◆ Task to carry out ◆
The required answer is an exact copy of the records below, without pictures.

────────────────────────────────────────

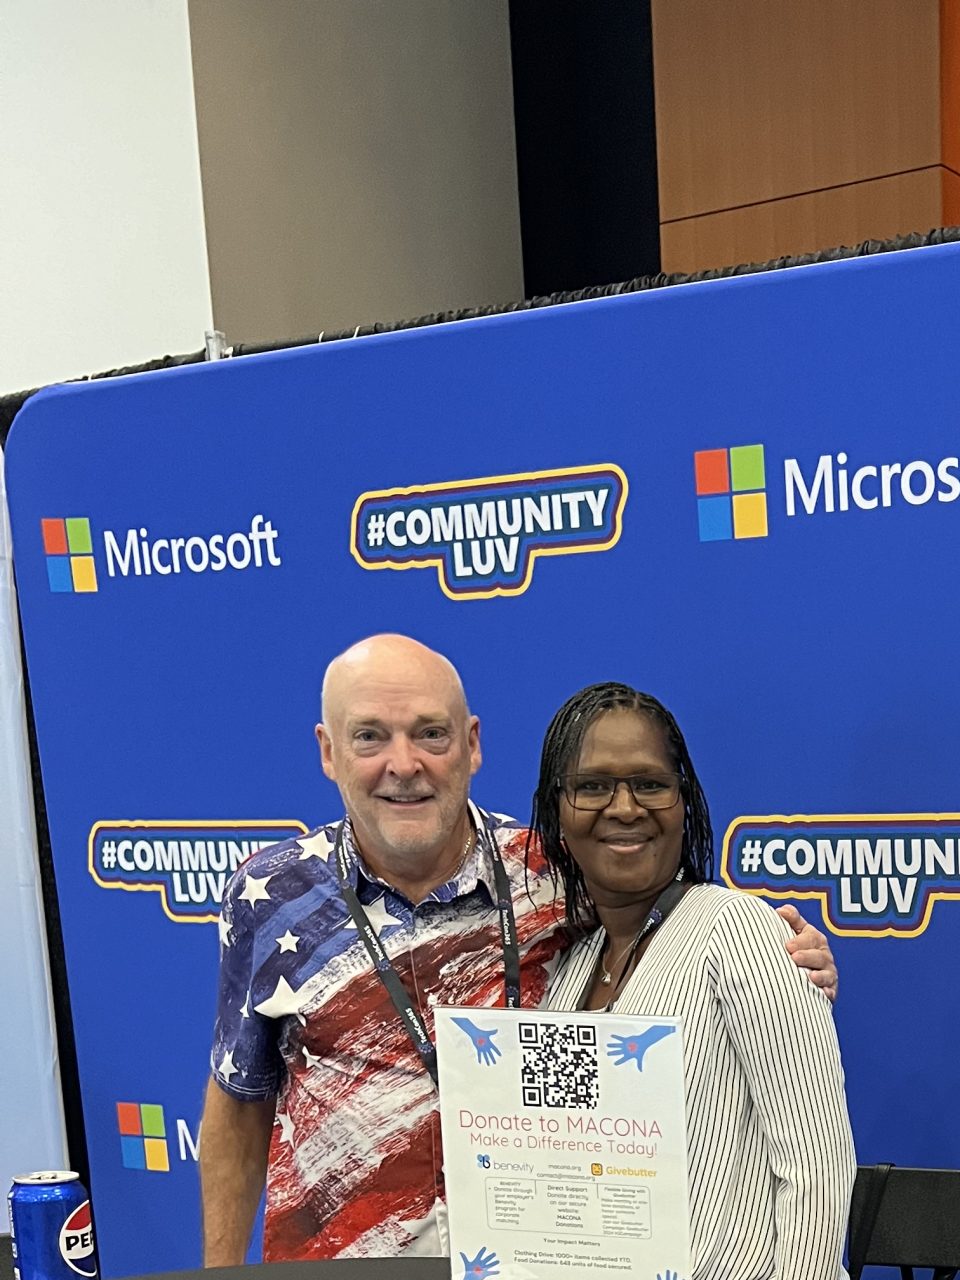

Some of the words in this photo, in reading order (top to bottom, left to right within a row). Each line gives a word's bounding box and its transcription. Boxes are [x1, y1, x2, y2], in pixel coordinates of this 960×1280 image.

[368, 490, 608, 547] #COMMUNITY
[104, 515, 281, 578] Microsoft
[454, 537, 521, 577] LUV
[173, 872, 226, 903] LUV
[841, 877, 917, 913] LUV
[459, 1110, 532, 1132] Donate
[539, 1116, 559, 1132] to
[567, 1116, 662, 1138] MACONA
[470, 1133, 508, 1147] Make
[513, 1138, 522, 1148] a
[528, 1136, 602, 1152] Difference
[607, 1140, 657, 1158] Today!
[494, 1161, 534, 1173] benevity
[606, 1167, 657, 1177] Givebutter

────────────────────────────────────────

◆ Result below ◆
Some of the words in this photo, in reading order (top to bottom, left to right within a row). Each line gives a word's bounding box and its transcription. Boxes are [x1, y1, x2, y2], in pixel coordinates of this 960×1280 image.

[368, 490, 608, 547] #COMMUNITY
[104, 515, 281, 578] Microsoft
[454, 537, 521, 577] LUV
[173, 872, 226, 903] LUV
[841, 877, 917, 913] LUV
[459, 1110, 532, 1132] Donate
[539, 1116, 559, 1132] to
[567, 1116, 662, 1138] MACONA
[470, 1133, 508, 1147] Make
[513, 1138, 522, 1148] a
[528, 1136, 602, 1152] Difference
[607, 1140, 657, 1158] Today!
[494, 1161, 534, 1173] benevity
[606, 1167, 657, 1177] Givebutter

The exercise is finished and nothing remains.